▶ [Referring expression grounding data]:

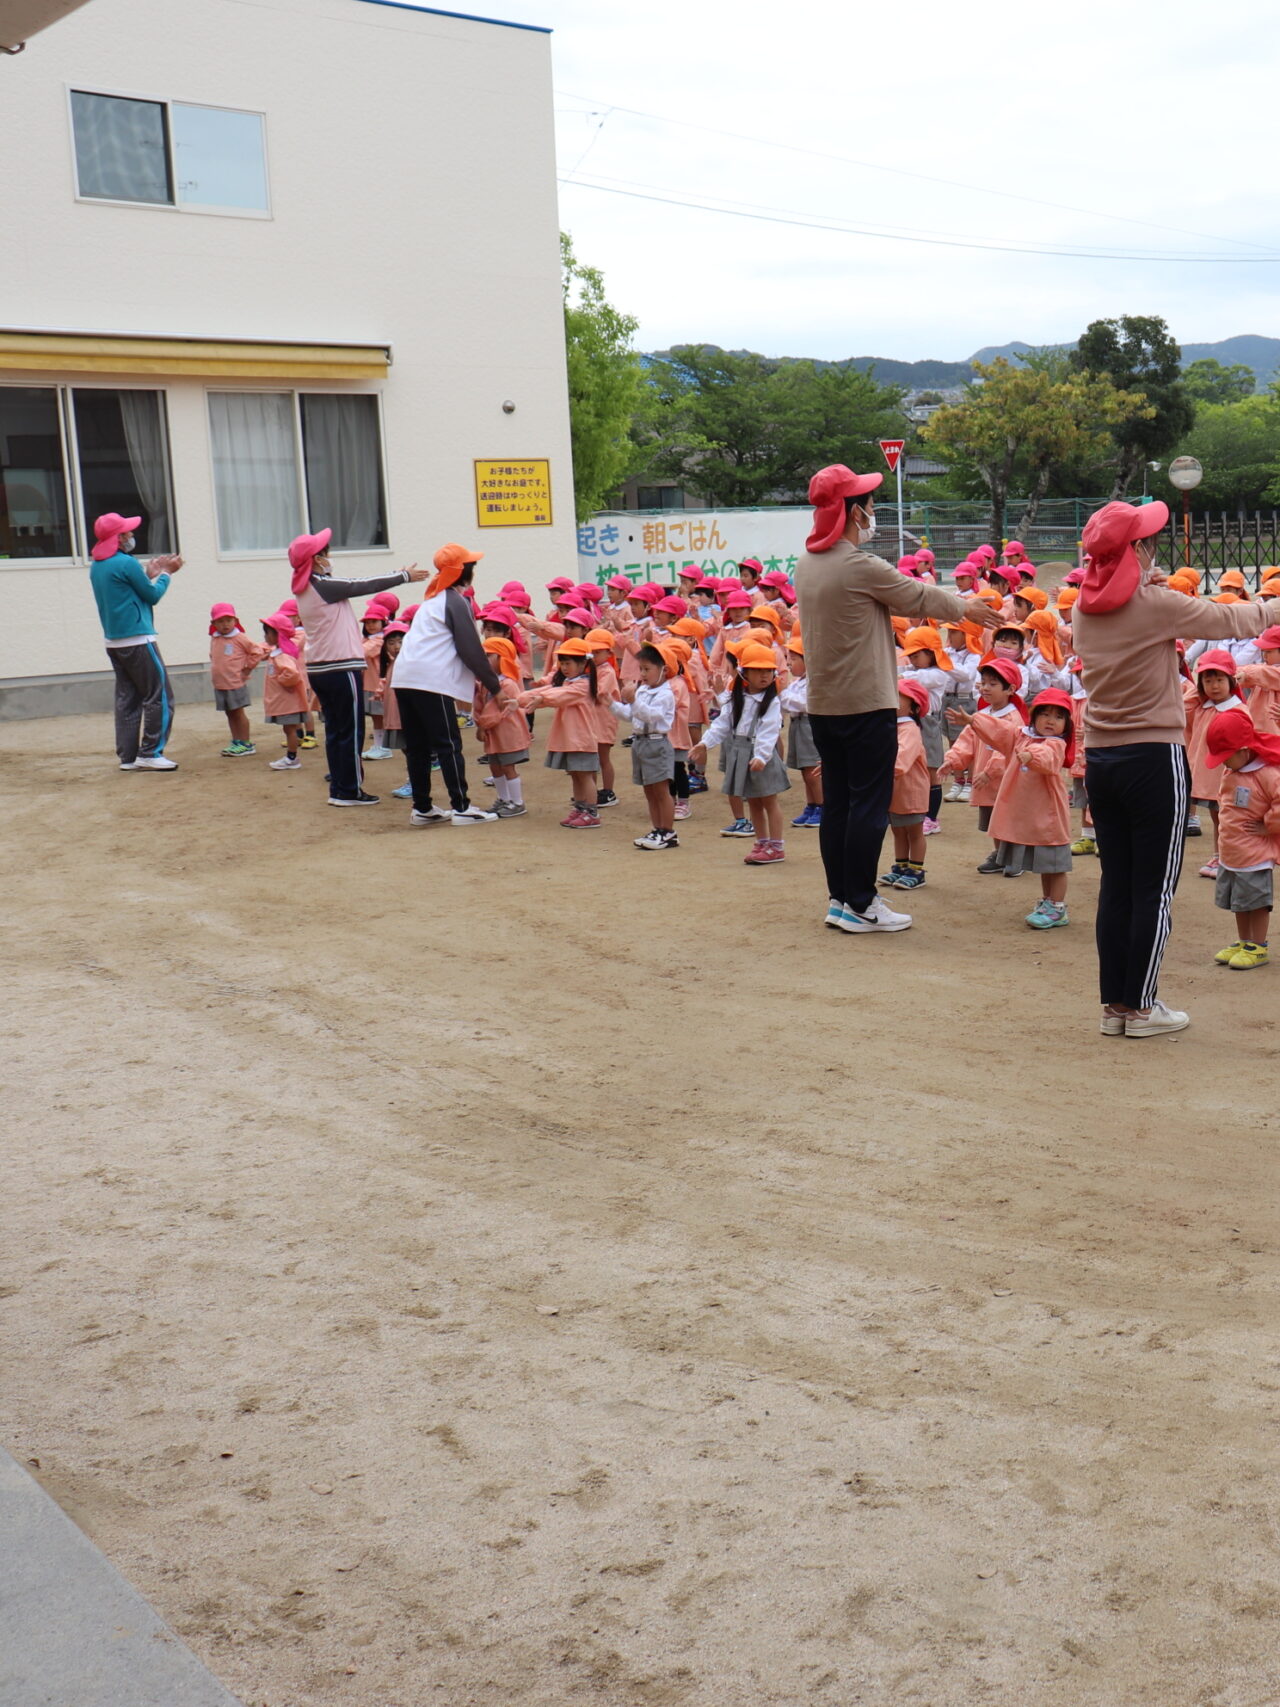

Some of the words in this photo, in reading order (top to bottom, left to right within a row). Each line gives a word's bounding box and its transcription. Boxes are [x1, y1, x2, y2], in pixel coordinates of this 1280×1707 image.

[490, 467, 534, 475] お子様たちが
[481, 479, 545, 487] 大好きなお庭です。
[480, 491, 547, 500] 送迎時はゆっくりと
[486, 503, 543, 512] 運転しましょう。

▶ [Task details]: Every line of the data above is to be set down word for word, with the pictures left out.

▶ [Result for this exercise]:
Some of the words in this photo, in reading order (top to bottom, left to right within a row). Each line gives a word's bounding box and its transcription. Boxes are [x1, y1, x2, y2], in pixel coordinates of this 1280×1707 image.

[490, 467, 534, 475] お子様たちが
[481, 479, 545, 487] 大好きなお庭です。
[480, 491, 547, 500] 送迎時はゆっくりと
[486, 503, 543, 512] 運転しましょう。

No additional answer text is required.